Compton is a village in Brooklyn Township, Lee County, Illinois, United States. As of the 2020 census, Compton had a population of 274.
==History==
A post office at the site of Compton opened on May 18, 1841; it was named Melugin Grove after the village's first settler, Zachariah Melugin. The village's name was changed to Compton on July 16, 1873, after Joel Compton.

==Geography==
Compton is located on the plains of north central Illinois. The town is served by US Route 30 & US Route 51 and is about ten miles north of Mendota.

According to the 2021 census gazetteer files, Compton has a total area of 0.16 sqmi, all land.

==Demographics==
As of the 2020 census there were 274 people, 101 households, and 66 families residing in the village. The population density was 1,734.18 PD/sqmi. There were 127 housing units at an average density of 803.80 /sqmi. The racial makeup of the village was 94.16% White, 0.36% African American, 0.00% Native American, 0.36% Asian, 0.00% Pacific Islander, 0.73% from other races, and 4.38% from two or more races. Hispanic or Latino of any race were 8.76% of the population.

There were 101 households, out of which 28.7% had children under the age of 18 living with them, 48.51% were married couples living together, 5.94% had a female householder with no husband present, and 34.65% were non-families. 24.75% of all households were made up of individuals, and 2.97% had someone living alone who was 65 years of age or older. The average household size was 3.00 and the average family size was 2.64.

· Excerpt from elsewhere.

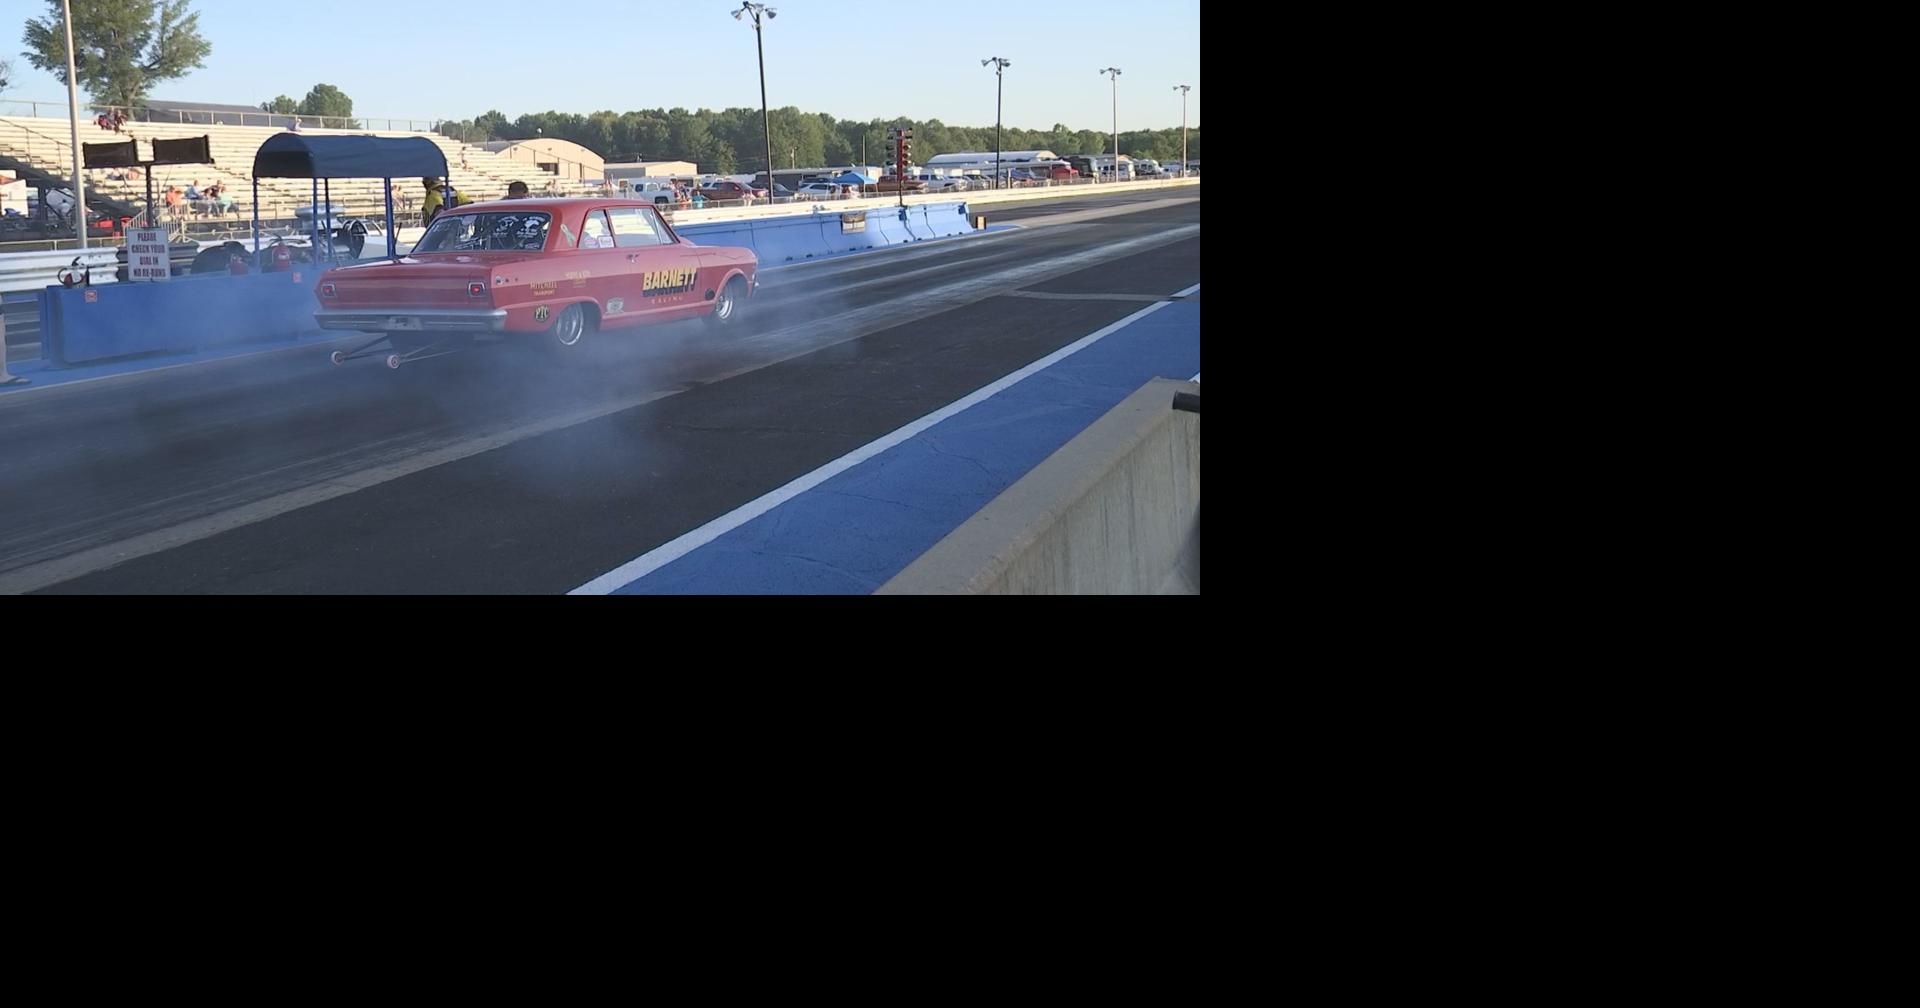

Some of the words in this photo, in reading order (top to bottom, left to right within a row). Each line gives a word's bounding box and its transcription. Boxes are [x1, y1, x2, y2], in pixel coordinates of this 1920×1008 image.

The village's age distribution consisted of 25.5% under the age of 18, 7.5% from 18 to 24, 32.6% from 25 to 44, 18.7% from 45 to 64, and 15.7% who were 65 years of age or older. The median age was 35.5 years. For every 100 females, there were 130.2 males. For every 100 females age 18 and over, there were 139.8 males.

The median income for a household in the village was $47,321, and the median income for a family was $50,714. Males had a median income of $42,500 versus $25,000 for females. The per capita income for the village was $24,218. About 9.1% of families and 19.3% of the population were below the poverty line, including 14.0% of those under age 18 and 0.0% of those age 65 or over.

Historical population
| Census | Pop. | Note | %± |
| 1880 | 300 |  | — |
| 1890 | 234 |  | −22.0% |
| 1900 | 428 |  | 82.9% |
| 1910 | 387 |  | −9.6% |
| 1920 | 283 |  | −26.9% |
| 1930 | 277 |  | −2.1% |
| 1940 | 300 |  | 8.3% |
| 1950 | 321 |  | 7.0% |
| 1960 | 366 |  | 14.0% |
| 1970 | 399 |  | 9.0% |
| 1980 | 376 |  | −5.8% |
| 1990 | 343 |  | −8.8% |
| 2000 | 347 |  | 1.2% |
| 2010 | 303 |  | −12.7% |
| 2020 | 274 |  | −9.6% |
U.S. Decennial Census

==Education==
It is in the Mendota Community Consolidated School District 289 and the Mendota Township High School District 280.